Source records
--- START ---
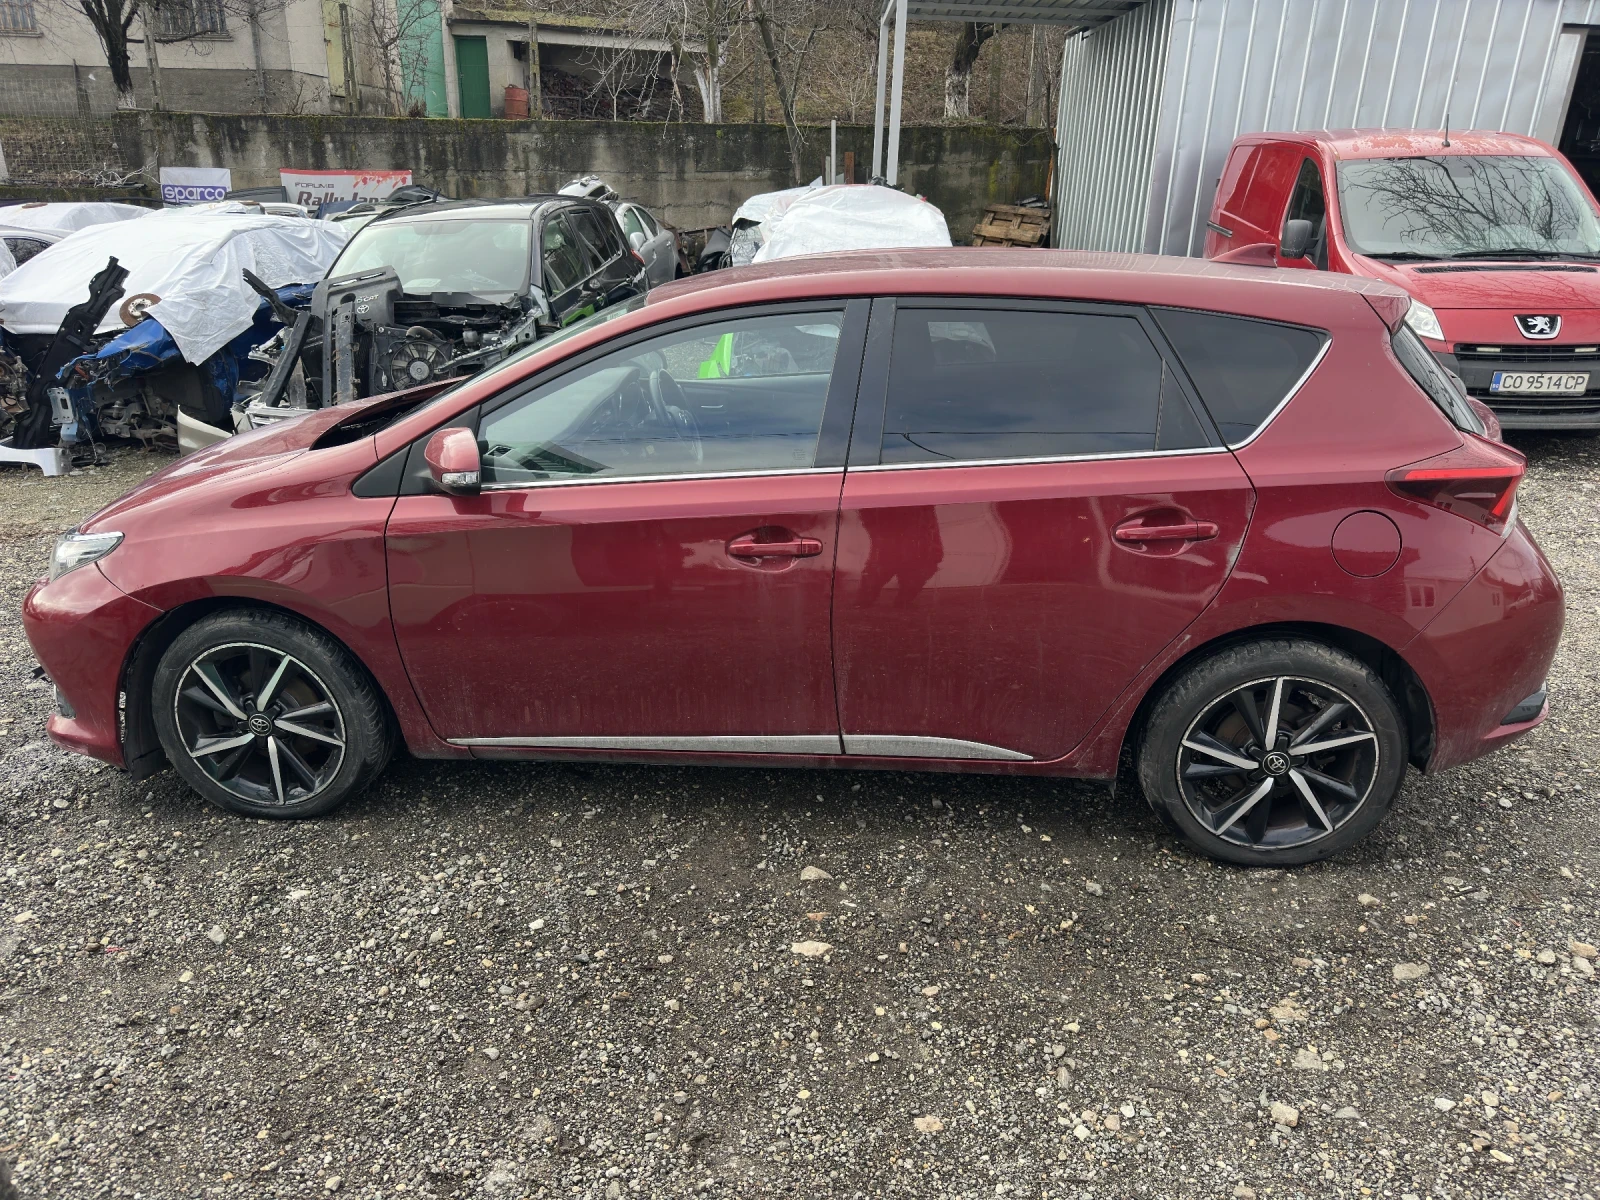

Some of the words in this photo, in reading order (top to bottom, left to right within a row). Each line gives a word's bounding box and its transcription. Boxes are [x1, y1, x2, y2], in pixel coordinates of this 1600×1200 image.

[164, 186, 225, 203] sparco
[1502, 375, 1523, 389] CO
[1526, 375, 1562, 390] 9514
[1564, 375, 1586, 390] CP
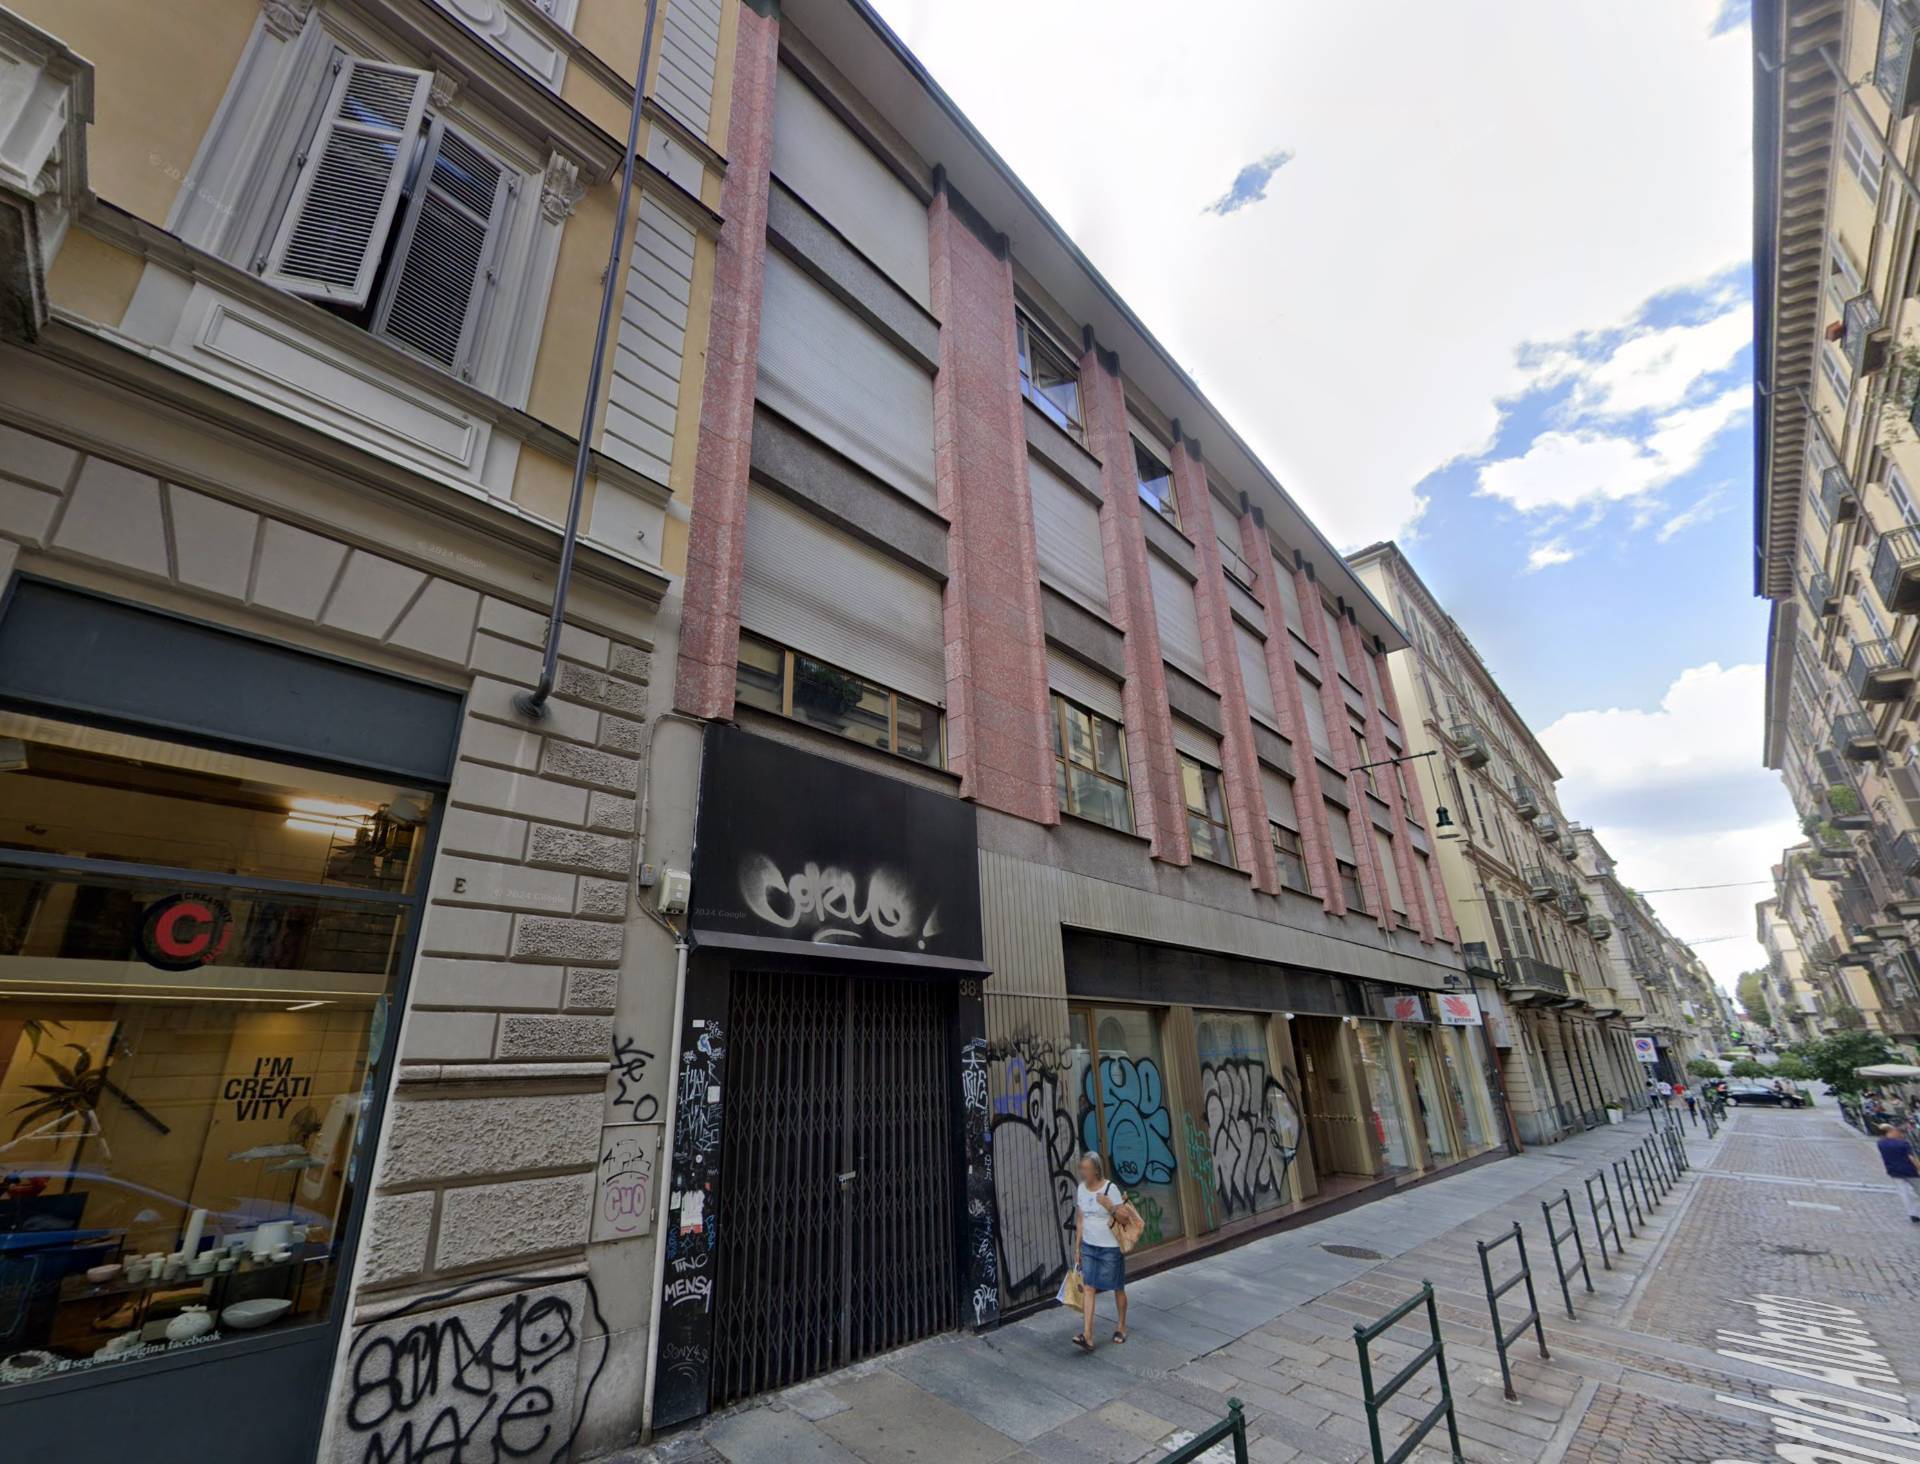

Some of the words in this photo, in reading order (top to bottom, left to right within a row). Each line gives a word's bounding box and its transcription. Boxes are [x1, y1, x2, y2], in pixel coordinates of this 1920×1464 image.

[453, 877, 467, 894] E
[959, 978, 977, 996] 38
[253, 1056, 294, 1078] I'M
[223, 1076, 312, 1101] CREATI
[236, 1097, 293, 1122] VITY
--- END ---
Quote the entries above word for word. Leave the images out.

- TASK SOLUTION -
Some of the words in this photo, in reading order (top to bottom, left to right within a row). Each line gives a word's bounding box and its transcription. Boxes are [x1, y1, x2, y2], in pixel coordinates of this 1600×1200 image.

[164, 186, 225, 203] sparco
[1502, 375, 1523, 389] CO
[1526, 375, 1562, 390] 9514
[1564, 375, 1586, 390] CP

Some of the words in this photo, in reading order (top to bottom, left to right within a row). Each line gives a word's bounding box and its transcription. Boxes are [x1, y1, x2, y2], in pixel coordinates of this 1920×1464 image.

[453, 877, 467, 894] E
[959, 978, 977, 996] 38
[253, 1056, 294, 1078] I'M
[223, 1076, 312, 1101] CREATI
[236, 1097, 293, 1122] VITY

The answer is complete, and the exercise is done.